There was no significant difference of visual acuity according to the patterns of diabetic macular edema. OCT appears useful for objectively monitoring of retinal thickness and tomographic changes in patients with diabetic macular edema and there is no correlation between the patterns in OCT images and best corrected visual acuity.

The OCT topographic map of retinal thickness generally correlated with conventional clinical examination. Retinal thickening or hard exudate observed on slit-lamp biomicroscopic analysis almost always correlated with increased thickness on OCT, but there were some occasions in which OCT detected thickening in the absence of any abnormality on slit-lamp examination. Both measurements of central macular thickness and measurements of foveal thickness averaged over a central disk of 500-μm radius appeared to be more sensitive than slit-lamp examination for evaluating clinically significant macular edema.

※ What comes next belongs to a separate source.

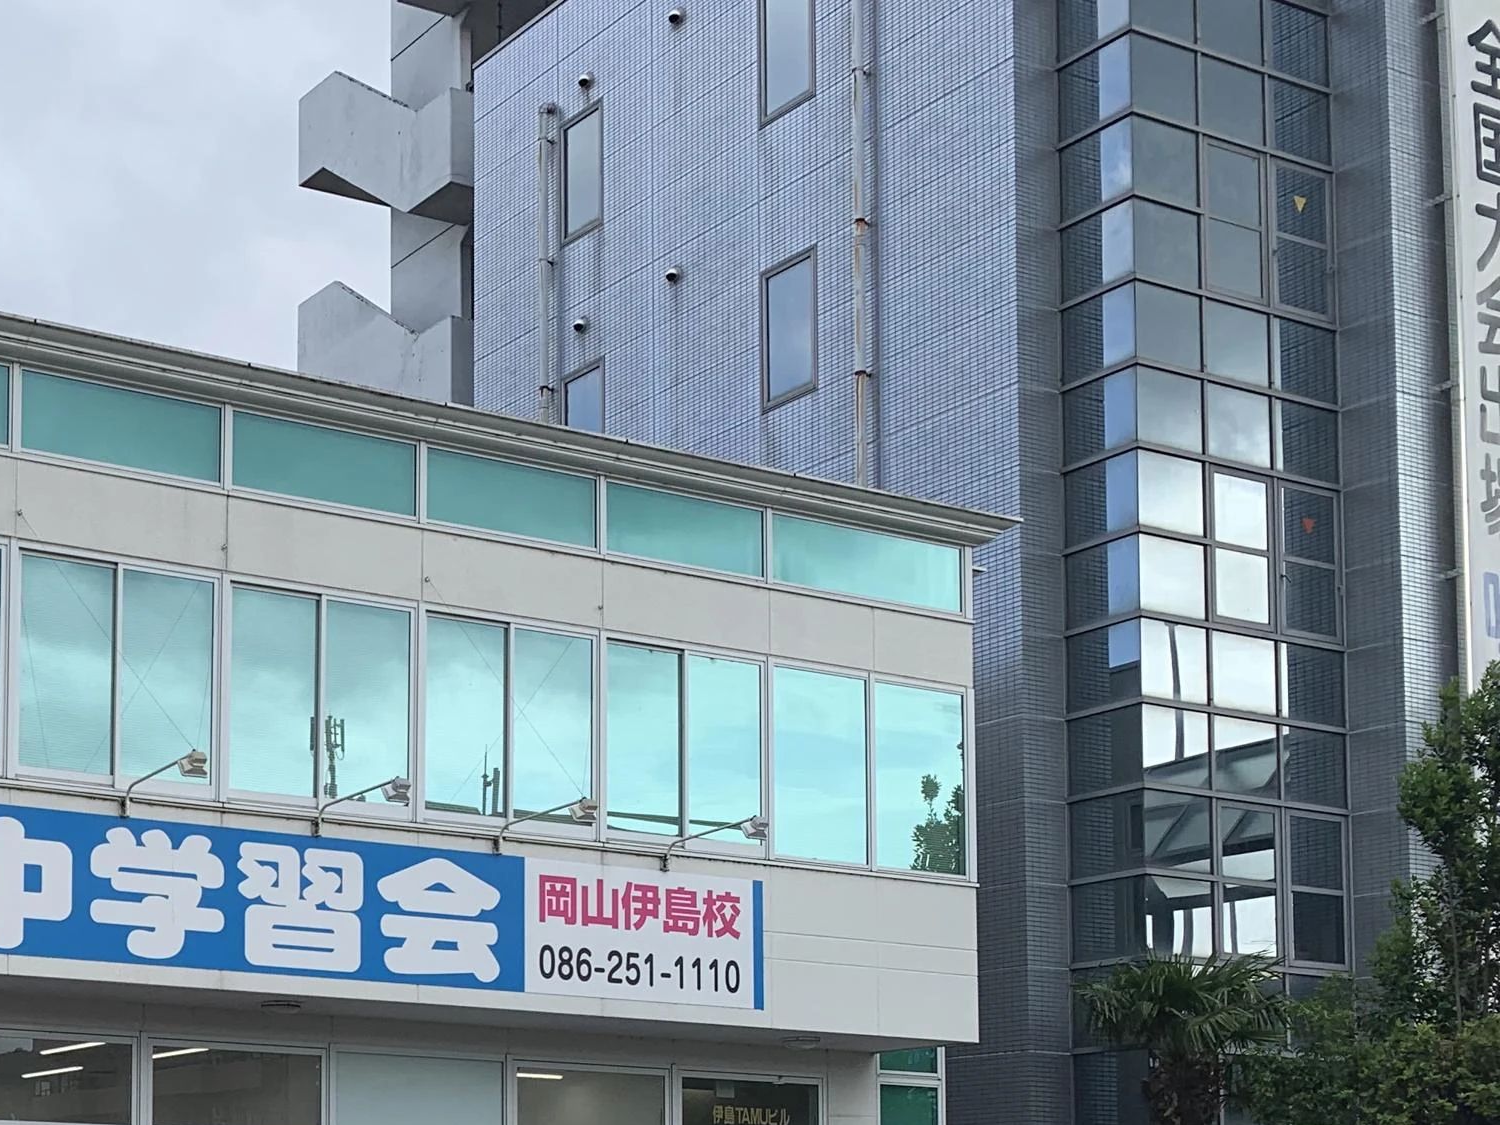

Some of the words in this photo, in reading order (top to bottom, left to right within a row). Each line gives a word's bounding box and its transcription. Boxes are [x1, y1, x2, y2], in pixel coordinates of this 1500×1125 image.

[539, 874, 741, 940] 岡山伊島校
[539, 944, 741, 994] 086-251-1110

Edema was difficult to detect clinically when there was no hard exudate in the central macula. Optical coherence tomography retinal thickness also generally correlated with regions of fluorescein leakage; however, increased macular thickness occasionally was evident on OCT in the absence of leakage. Both single measurements of central foveal thickness and measurements averaged over the 500-μm central disc essentially were equivalent in detecting clinically significant thickening.

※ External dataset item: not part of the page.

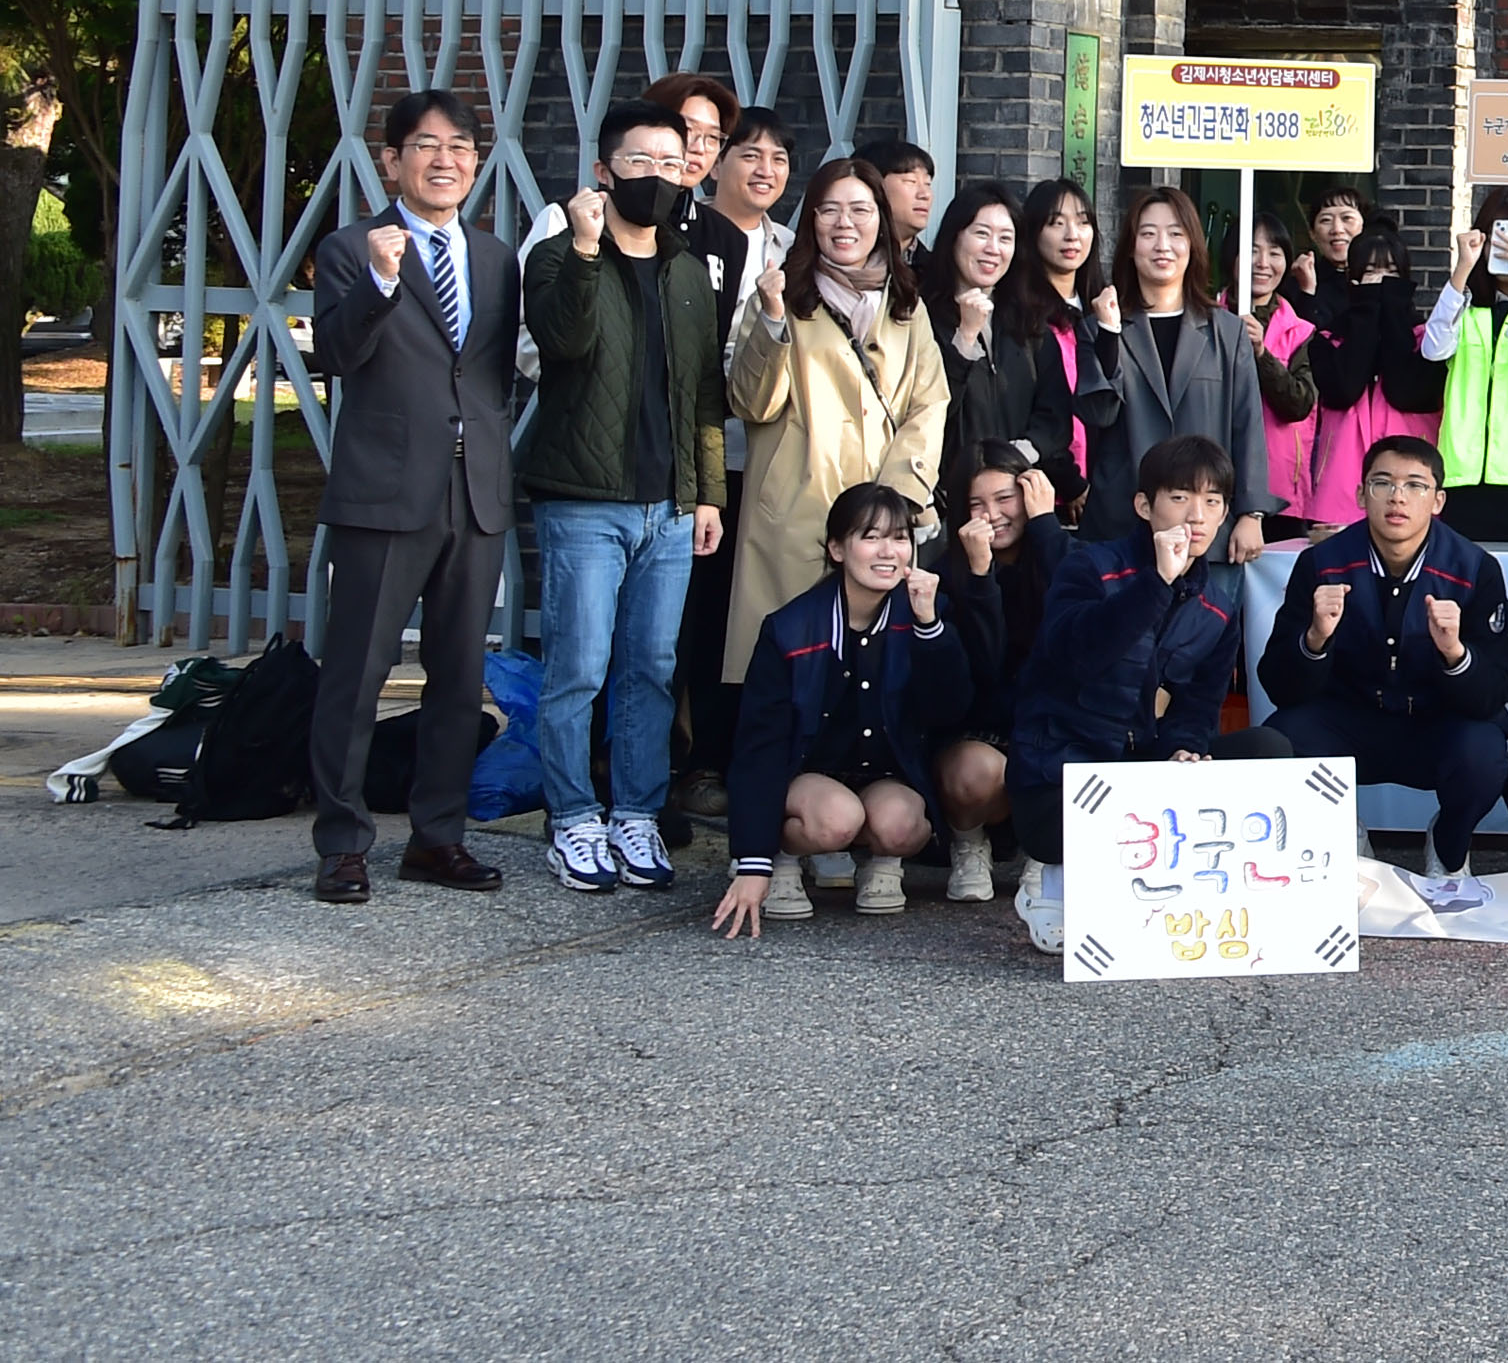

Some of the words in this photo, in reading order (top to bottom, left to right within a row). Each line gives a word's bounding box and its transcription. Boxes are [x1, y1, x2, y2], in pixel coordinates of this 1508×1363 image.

[1180, 65, 1334, 87] 김제시청소년상담복지센터
[1140, 103, 1250, 140] 청소년긴급전화
[1255, 112, 1299, 138] 1388

Linear Regression Analysis was used to explain the variation in the dependent variable (Central Macular Thickness (500µm)) and to see linear relation between Central Macular Thickness and Visual Acuity. Comparison of optical coherence tomography measurements of Central Macular thickness with Visual Acuity, using Linear Regression Method in 158 eyes with NPDR and PDR was done. There is a Significant linear relation between Central Macular Thickness and Visual Acuity with (R2 = 0.70) and P-Value < 0.001(Table-9: fig: 9).Our finding is similar to the one reported by Michael R. Hee, et al.20

Whatever the cause, identifying the structural changes in patients with DME using OCT may allow more effective management of these patients. We have identified at least five different morphologic patterns of DME using OCT including: DRT, CME, SRD without PHT, PHT without TRD, and PHT with TRD. Each of these morphologic subtypes may represent distinct entities that require specific treatment regimens to achieve the best final result. In addition to identifying each of these patterns, OCT may be useful not only in determining which treatment should be applied, but also in following the progress of this process over time.

CONCLUSION: Our Study shows that OCT has potential to screen patients with early NPDR for the development of macular thickness .Optical coherence tomography is an excellent tool for quantifying macular thickness in patients with diabetic macular edema. The (Mean ± SD) Central Macular thickness was (502.8 ± 121.9) in eyes with NPDR and (534.3 ± 152.1) in eyes with PDR. There were no significant differences in average thickness in any region (ETDR Regions) between eyes with NPDR and eyes with PDR. Foveal thickness measured by OCT was highly correlated with visual acuity. DME exhibits five different morphologic patterns on OCT. There is a significant correlation between retinal thickness and visual acuity.